- Task to carry out
It would help if you retyped the data exactly, leaving out the pictures.

(Spatial localization data)
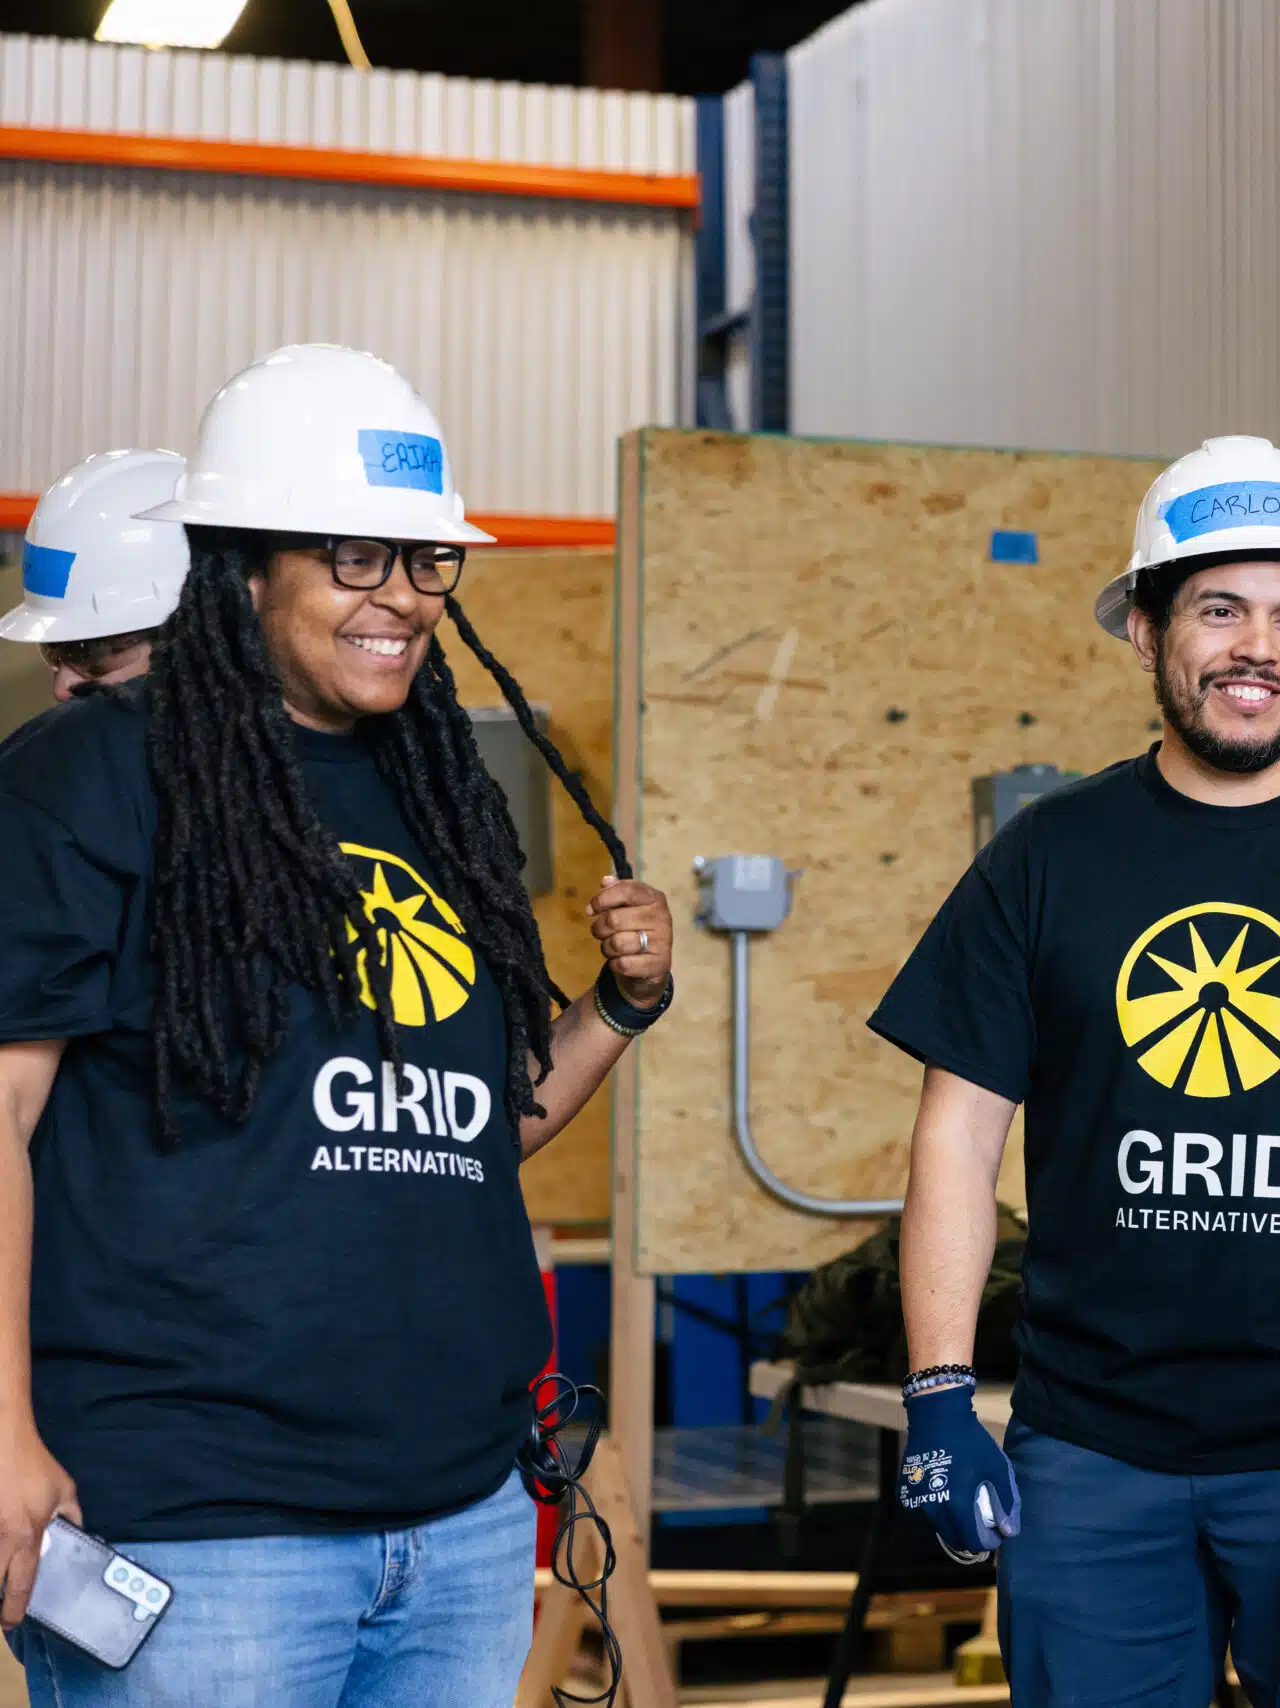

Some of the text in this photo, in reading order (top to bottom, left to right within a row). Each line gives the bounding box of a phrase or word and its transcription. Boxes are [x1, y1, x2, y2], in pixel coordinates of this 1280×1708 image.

[313, 1056, 492, 1142] GRID
[310, 1146, 485, 1183] ALTERNATIVES
[901, 1489, 950, 1508] MaxiFle
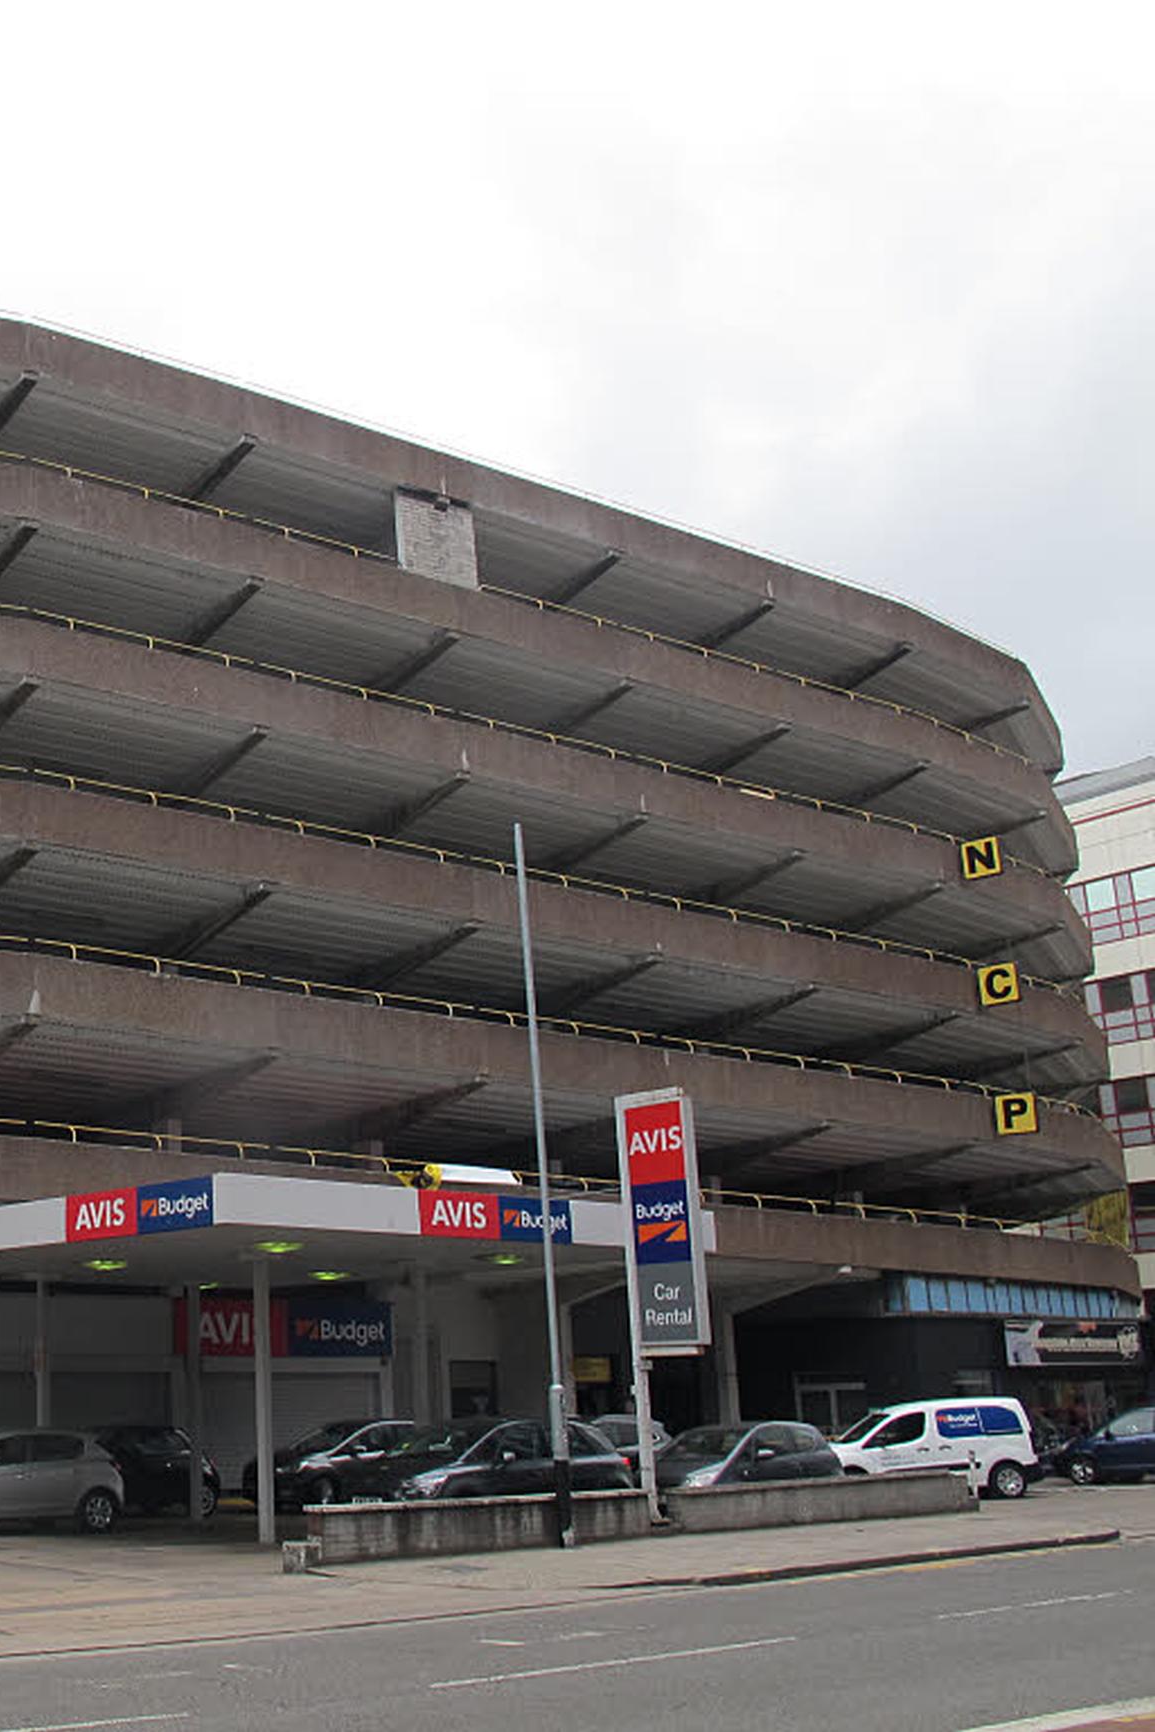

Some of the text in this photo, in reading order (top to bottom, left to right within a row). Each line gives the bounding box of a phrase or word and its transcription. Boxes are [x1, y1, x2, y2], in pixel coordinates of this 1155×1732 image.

[965, 841, 995, 873] N
[985, 968, 1012, 999] C
[1002, 1097, 1028, 1128] P
[629, 1125, 682, 1156] AVIS
[75, 1192, 209, 1230] AVIS Budget
[431, 1200, 487, 1229] AVIS
[636, 1200, 684, 1221] Budget
[654, 1282, 680, 1301] Car
[199, 1312, 386, 1347] AVI Budget
[645, 1307, 692, 1326] Rental

- Task answer
Some of the text in this photo, in reading order (top to bottom, left to right within a row). Each line gives the bounding box of a phrase or word and its transcription. Boxes are [x1, y1, x2, y2], in pixel coordinates of this 1280×1708 image.

[313, 1056, 492, 1142] GRID
[310, 1146, 485, 1183] ALTERNATIVES
[901, 1489, 950, 1508] MaxiFle

Some of the text in this photo, in reading order (top to bottom, left to right within a row). Each line gives the bounding box of a phrase or word and its transcription. Boxes are [x1, y1, x2, y2], in pixel coordinates of this 1155×1732 image.

[965, 841, 995, 873] N
[985, 968, 1012, 999] C
[1002, 1097, 1028, 1128] P
[629, 1125, 682, 1156] AVIS
[75, 1192, 209, 1230] AVIS Budget
[431, 1200, 487, 1229] AVIS
[636, 1200, 684, 1221] Budget
[654, 1282, 680, 1301] Car
[199, 1312, 386, 1347] AVI Budget
[645, 1307, 692, 1326] Rental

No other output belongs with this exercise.